Collected data:

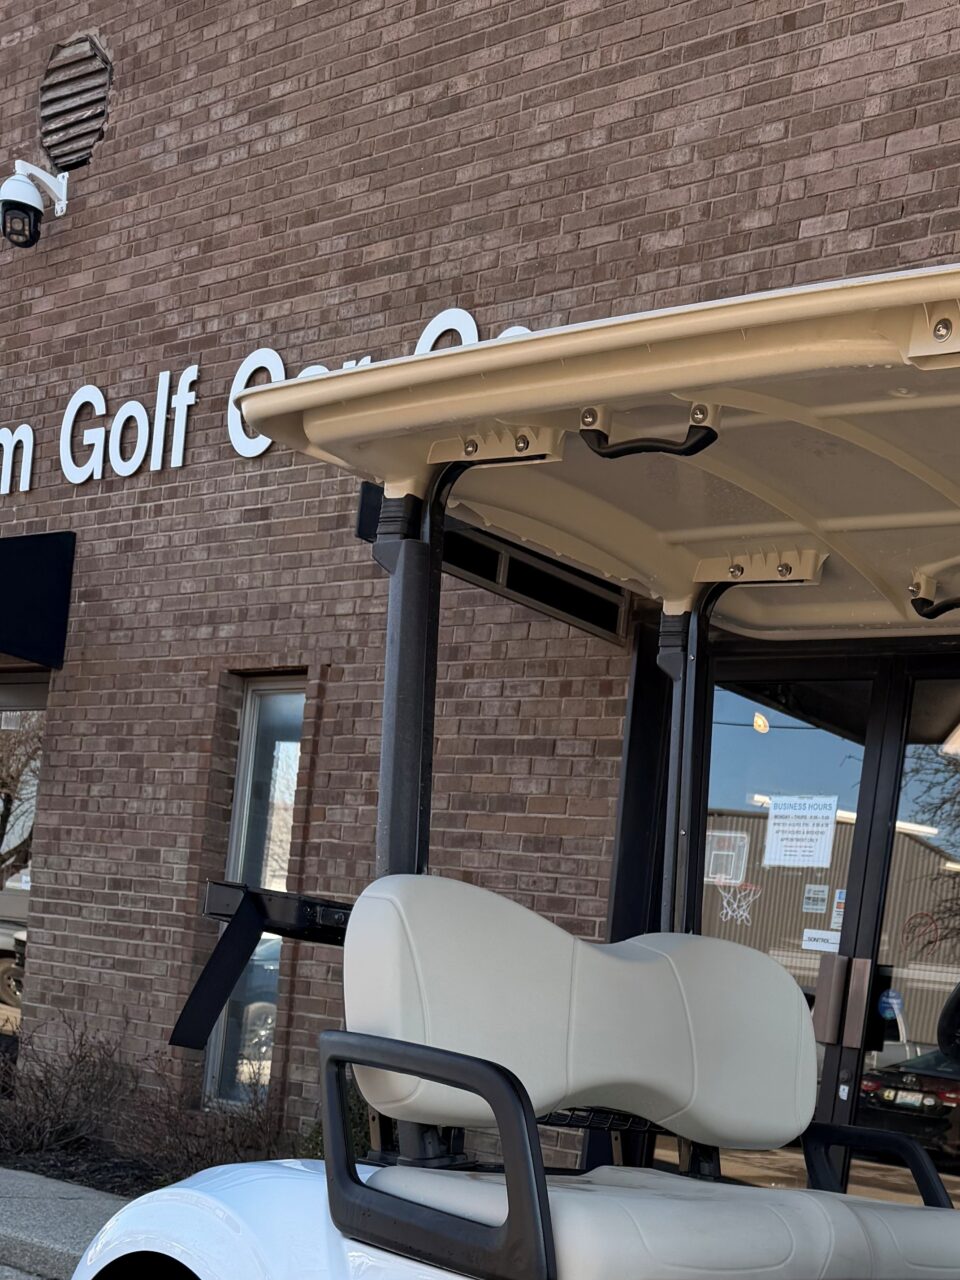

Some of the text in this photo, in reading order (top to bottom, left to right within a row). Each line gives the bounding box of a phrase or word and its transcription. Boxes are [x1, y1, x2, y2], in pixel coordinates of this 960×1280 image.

[60, 365, 198, 485] Golf
[773, 802, 833, 811] BUSINESS HOURS
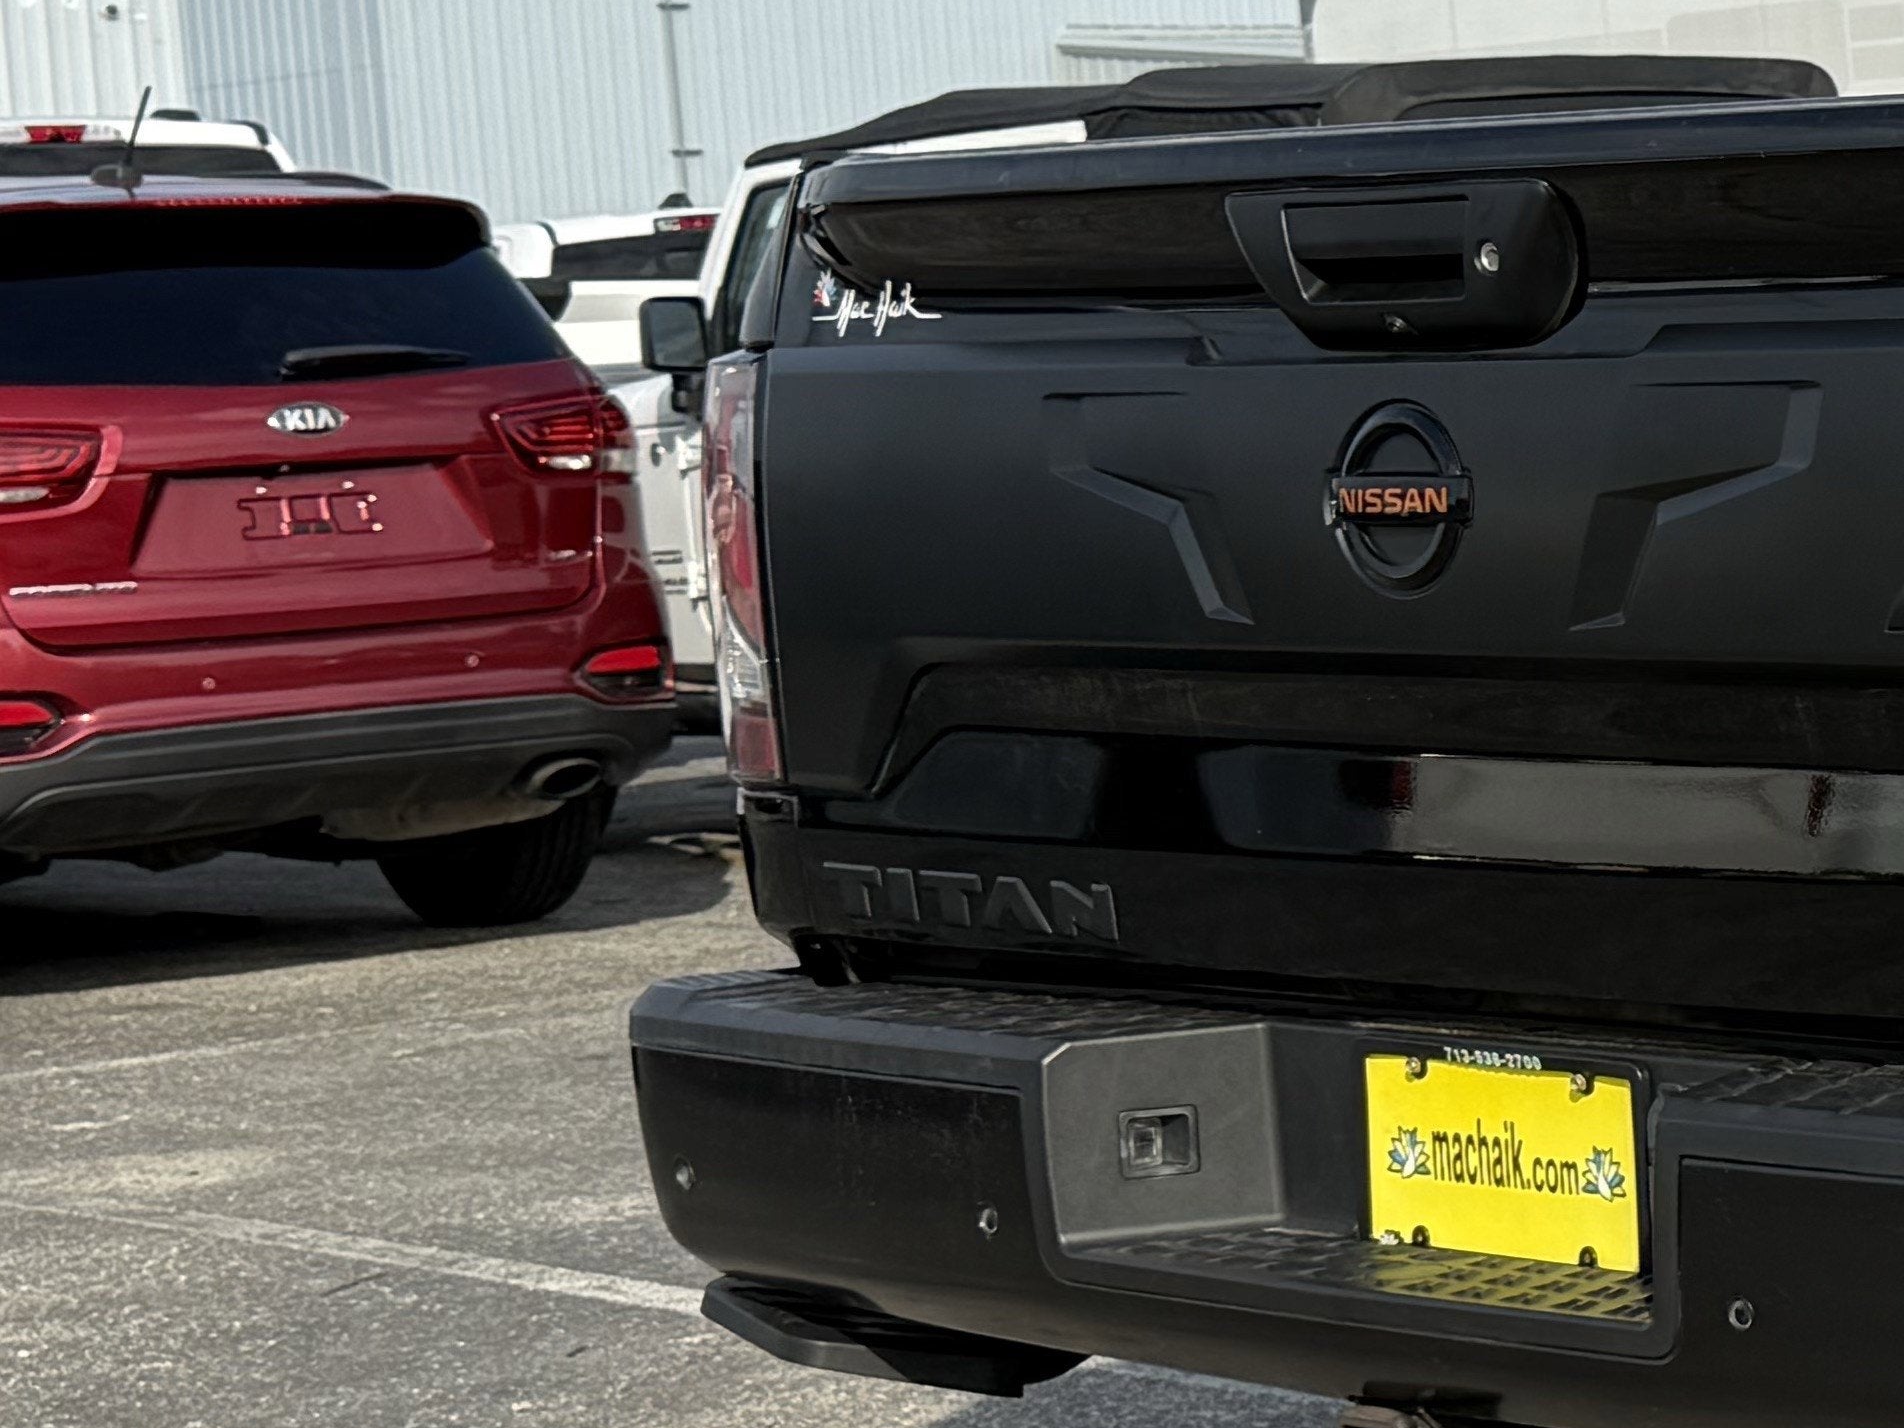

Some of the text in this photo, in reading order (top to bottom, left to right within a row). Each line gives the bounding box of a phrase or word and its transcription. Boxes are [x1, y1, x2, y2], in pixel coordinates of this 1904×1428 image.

[283, 407, 337, 431] KIA
[1338, 486, 1449, 515] NISSAN
[821, 860, 1120, 945] TITAN
[1431, 1117, 1581, 1196] machaik.com
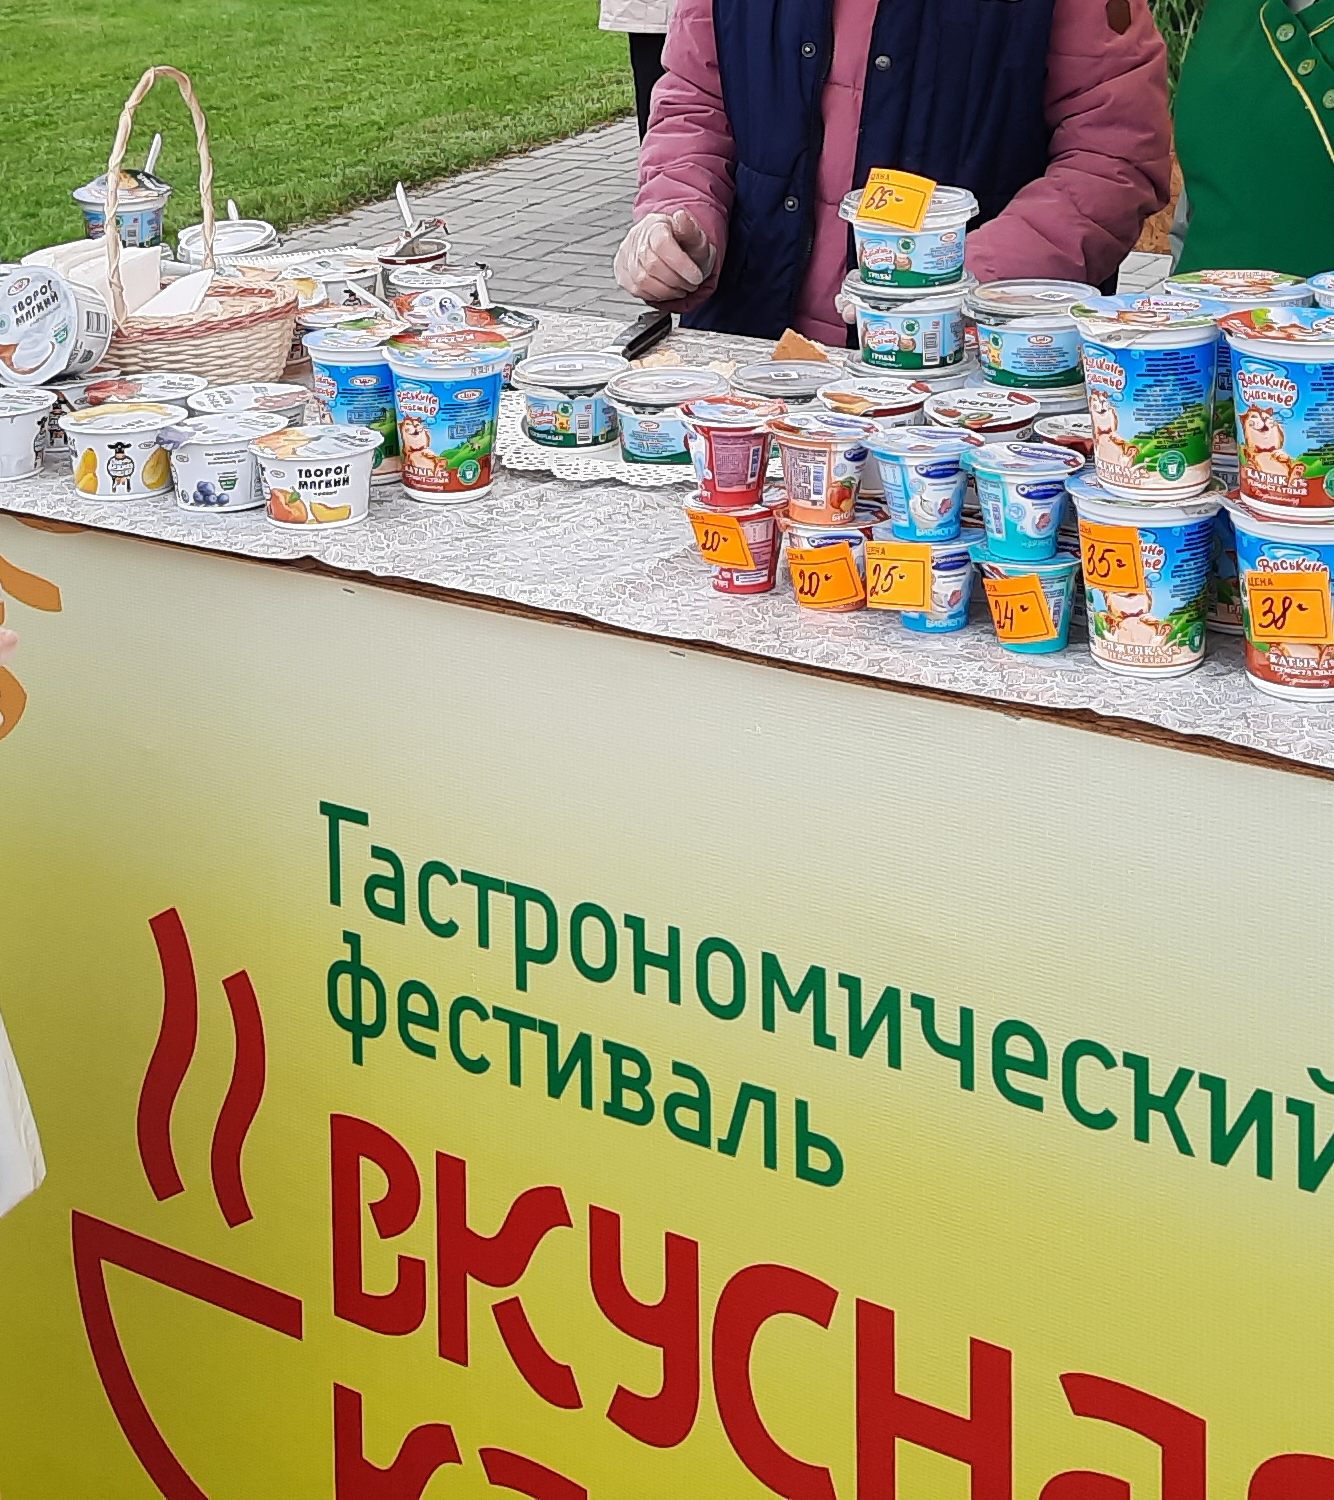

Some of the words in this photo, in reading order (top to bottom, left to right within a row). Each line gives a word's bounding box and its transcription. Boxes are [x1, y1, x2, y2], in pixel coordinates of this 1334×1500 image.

▸ Activity
Will you set down the records word for word while leaving out every picture?

▸ Response
Some of the text in this photo, in reading order (top to bottom, left to right within a row). Each line gives the bounding box of a phrase or word and its transcription. Boxes are [x1, y1, x2, y2], in pixel coordinates of this 960×1280 image.

[60, 365, 198, 485] Golf
[773, 802, 833, 811] BUSINESS HOURS

Some of the text in this photo, in reading order (top to bottom, left to right within a row). Each line gives the bounding box of a phrase or word and its transcription. Boxes are [x1, y1, x2, y2], in pixel coordinates of this 1904×1428 image.

[283, 407, 337, 431] KIA
[1338, 486, 1449, 515] NISSAN
[821, 860, 1120, 945] TITAN
[1431, 1117, 1581, 1196] machaik.com

Some of the words in this photo, in reading order (top to bottom, left to right within a row). Each line gives a word's bounding box and its transcription. Boxes are [x1, y1, x2, y2], in pixel coordinates of this 1334×1500 image.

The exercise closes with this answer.